An increasing complicated and ever more bloated OS will become inherently less resilient and less secure. We need to go back and rethink how we use software, to save cash, improve resilience and increase security. Not just be led by MS, Apple and Google on to the next version on the road to digital hell.
Certainly an innovative and very bold step by the Flystrike CrowdStrike media team to try to draw attention to the publishing of their report by quickly following it up with an informative example case study to highlight the importance of it…
I wonder if the ink on the press release was even fully dry?
(Yes, I know I am not the first to make this point, but it is just so funny…)
When companies stop doing security on the cheap, finding it cheaper to pay for lawsuits, fines and outages than to spend the money on security up front. Followed by the worn out PR rhetoric of how important their customers privacy and information is to them and the false promises of a secure future. If customers privacy and data was so important they would show it by implementing security from the outset instead of doing damage control afterwards.

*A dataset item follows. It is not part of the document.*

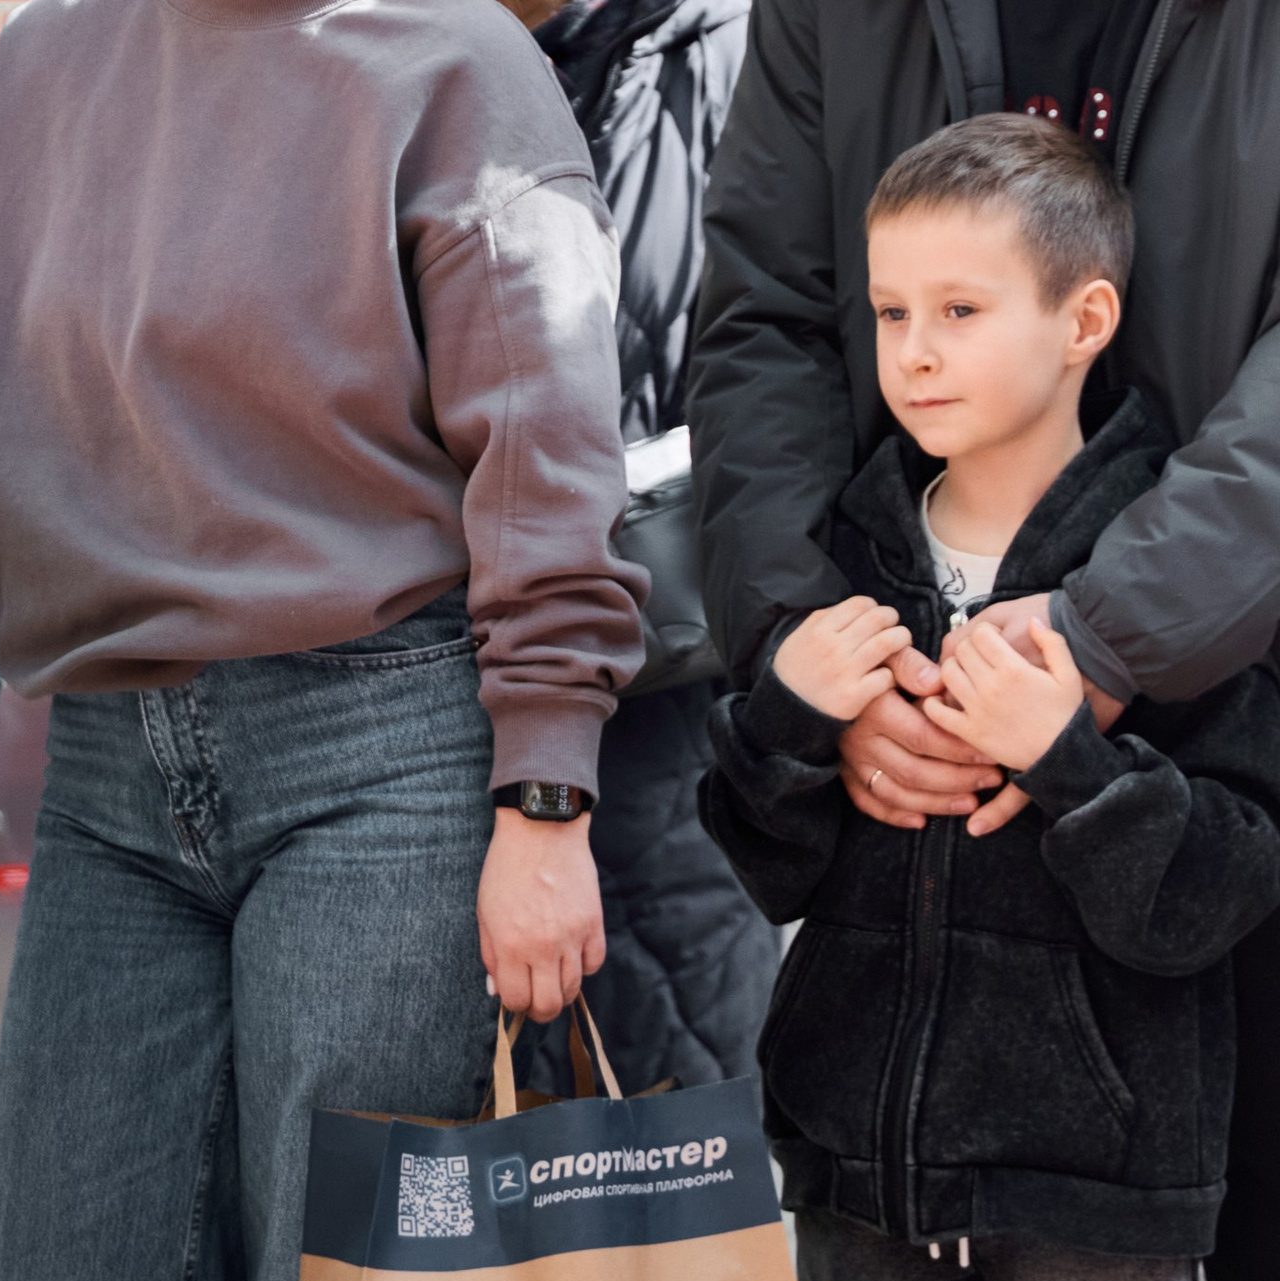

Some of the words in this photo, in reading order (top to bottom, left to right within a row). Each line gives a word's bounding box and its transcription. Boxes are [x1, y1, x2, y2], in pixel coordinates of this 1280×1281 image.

[533, 1185, 604, 1208] ЦИФРОВАЯ
[606, 1181, 654, 1196] СПОРТИВНАЯ
[656, 1169, 734, 1193] ПЛАТФОРМА
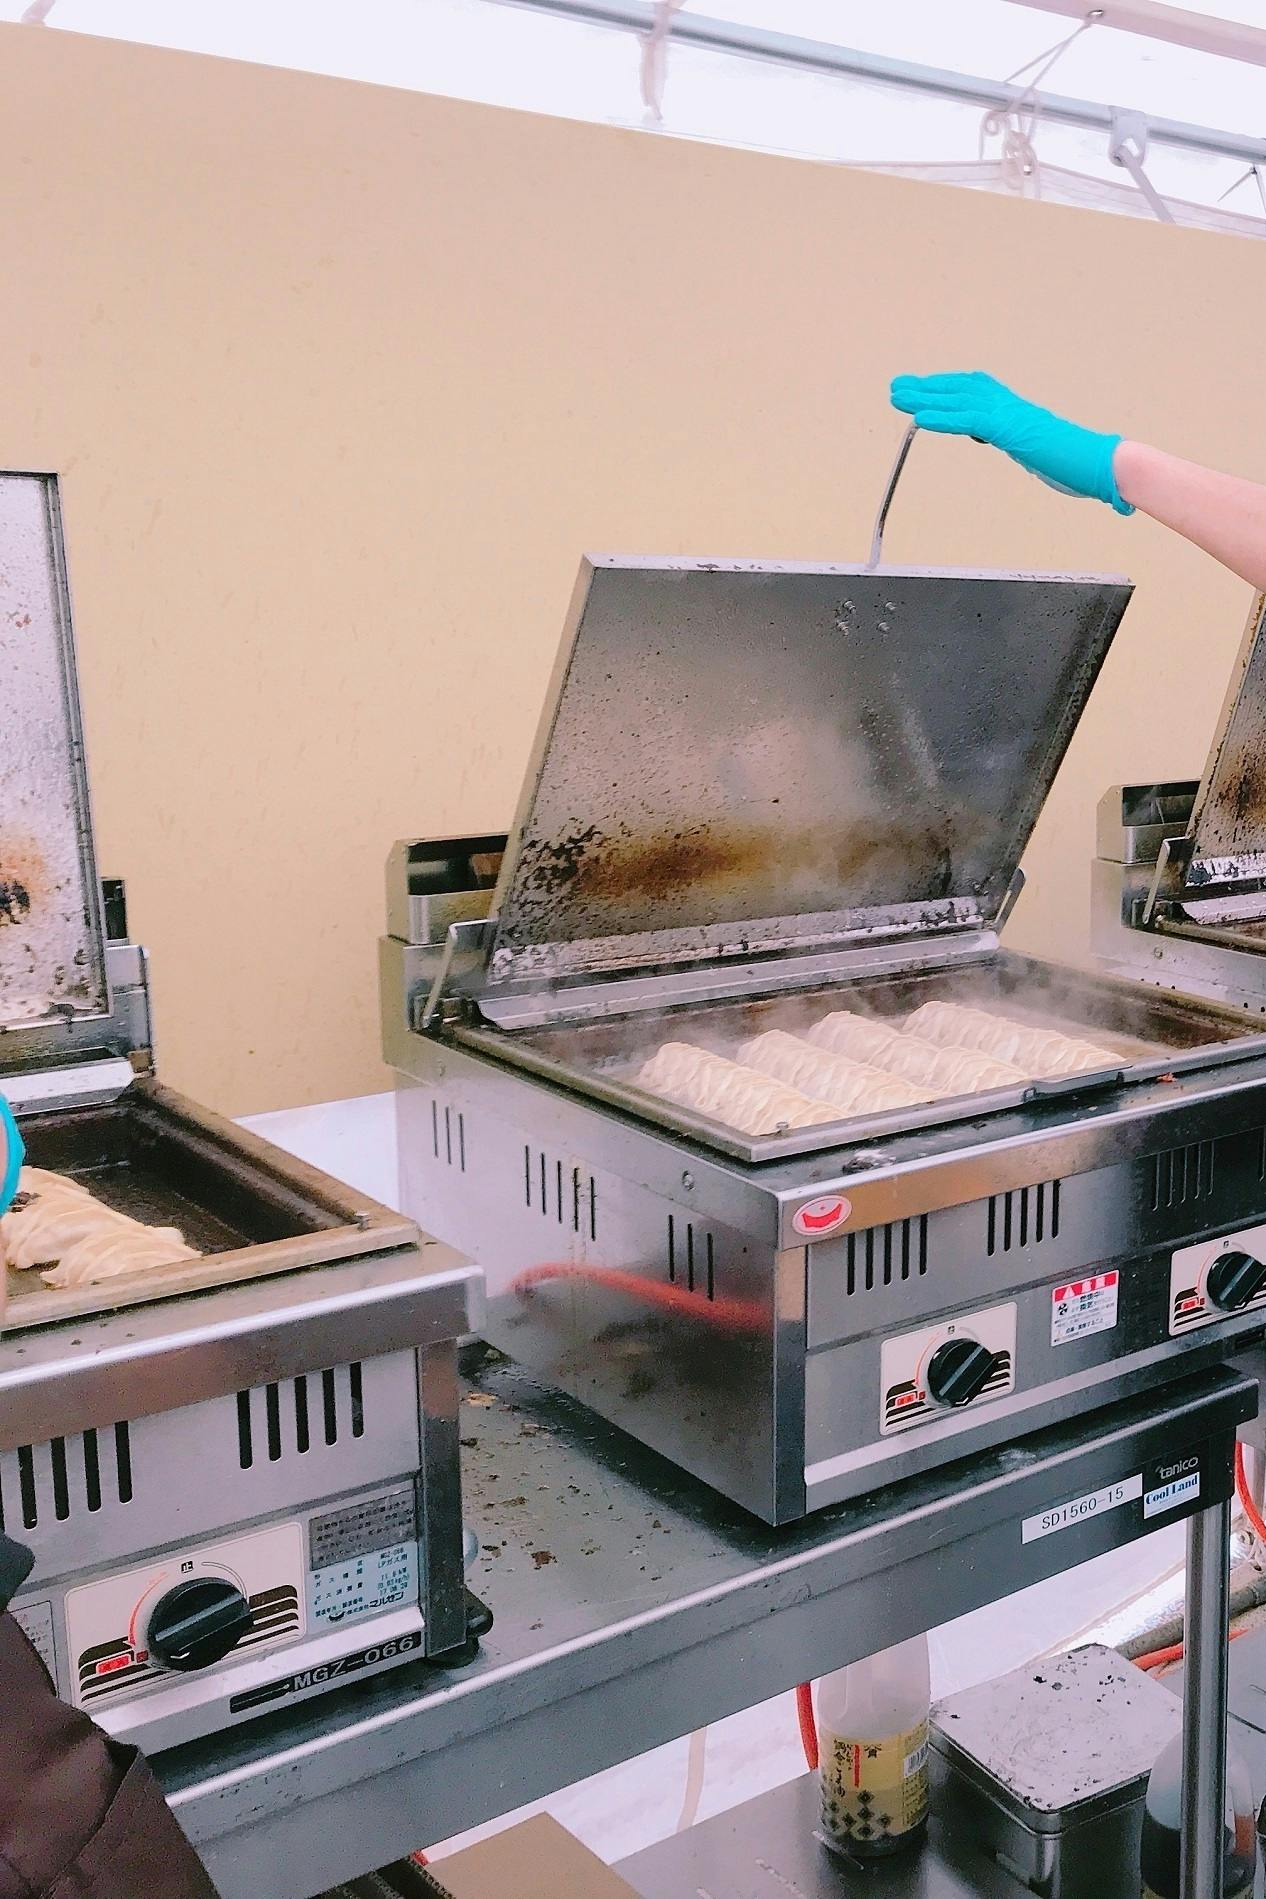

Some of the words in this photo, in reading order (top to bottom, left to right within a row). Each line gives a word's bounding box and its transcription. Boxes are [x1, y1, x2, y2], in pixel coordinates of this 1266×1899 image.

The blatant disregard for the security of customer information is found in regular storage their data in clear text on network accessible systems. It should be a no brainer to encrypt financial data, credit card information, personally identifiable information, but in majority of cases is left in clear text on unsecured systems\networks for easy theft.
30 years into the Internet being a marketplace, 23 years since 9/11 and the data hoarding created by it's perceived need to collect more data about users than all the companies and Governments can even begin to process in multiple lifetime. Yet in all that time we have failed learn, let alone implement many of the basic tenants of computer, network and cyber security. Securing the U.S infrastructure has been an on going Government farce since the Reagan Administration, yet we continue to implement remote automation with insecure IoT, hardware, software and without even basic security practices.
"The definition of insanity is doing the same thing over and over again and expecting a different result." We have repeatedly proven our insanity!!!